[Saved data entries]
···

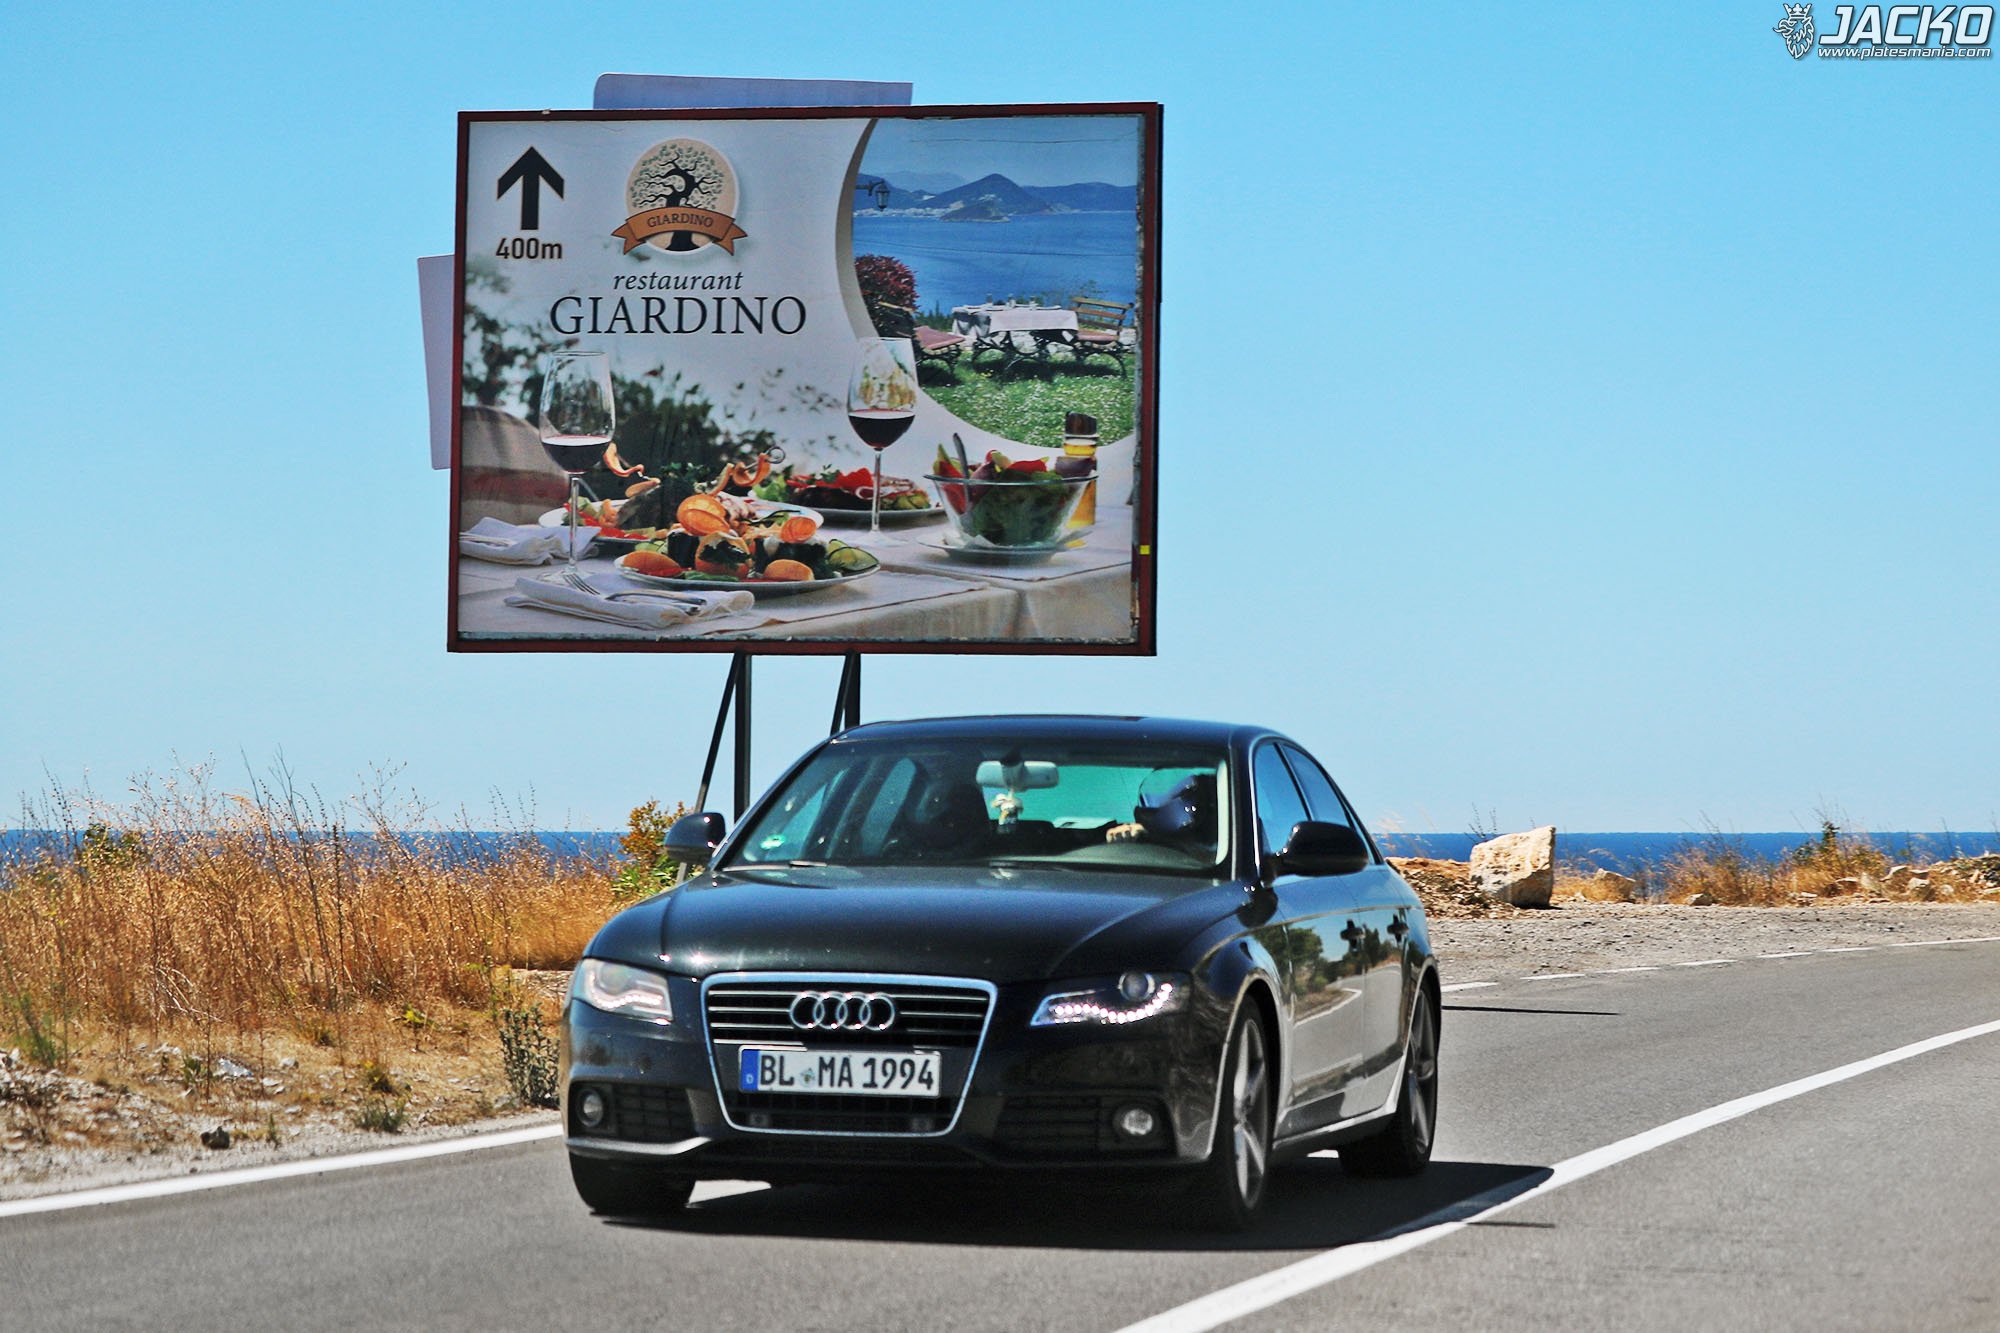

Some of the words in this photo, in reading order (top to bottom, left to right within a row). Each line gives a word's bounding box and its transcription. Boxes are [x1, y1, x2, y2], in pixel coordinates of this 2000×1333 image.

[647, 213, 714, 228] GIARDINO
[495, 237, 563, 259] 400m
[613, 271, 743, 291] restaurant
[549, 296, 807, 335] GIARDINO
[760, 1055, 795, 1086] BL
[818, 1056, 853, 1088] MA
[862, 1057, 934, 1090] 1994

···

__Try it__: Output every entry exactly, leaving out pictures.

__Exercise solution__:
Some of the words in this photo, in reading order (top to bottom, left to right within a row). Each line gives a word's bounding box and its transcription. Boxes are [x1, y1, x2, y2], in pixel coordinates of this 2000×1333 image.

[647, 213, 714, 228] GIARDINO
[495, 237, 563, 259] 400m
[613, 271, 743, 291] restaurant
[549, 296, 807, 335] GIARDINO
[760, 1055, 795, 1086] BL
[818, 1056, 853, 1088] MA
[862, 1057, 934, 1090] 1994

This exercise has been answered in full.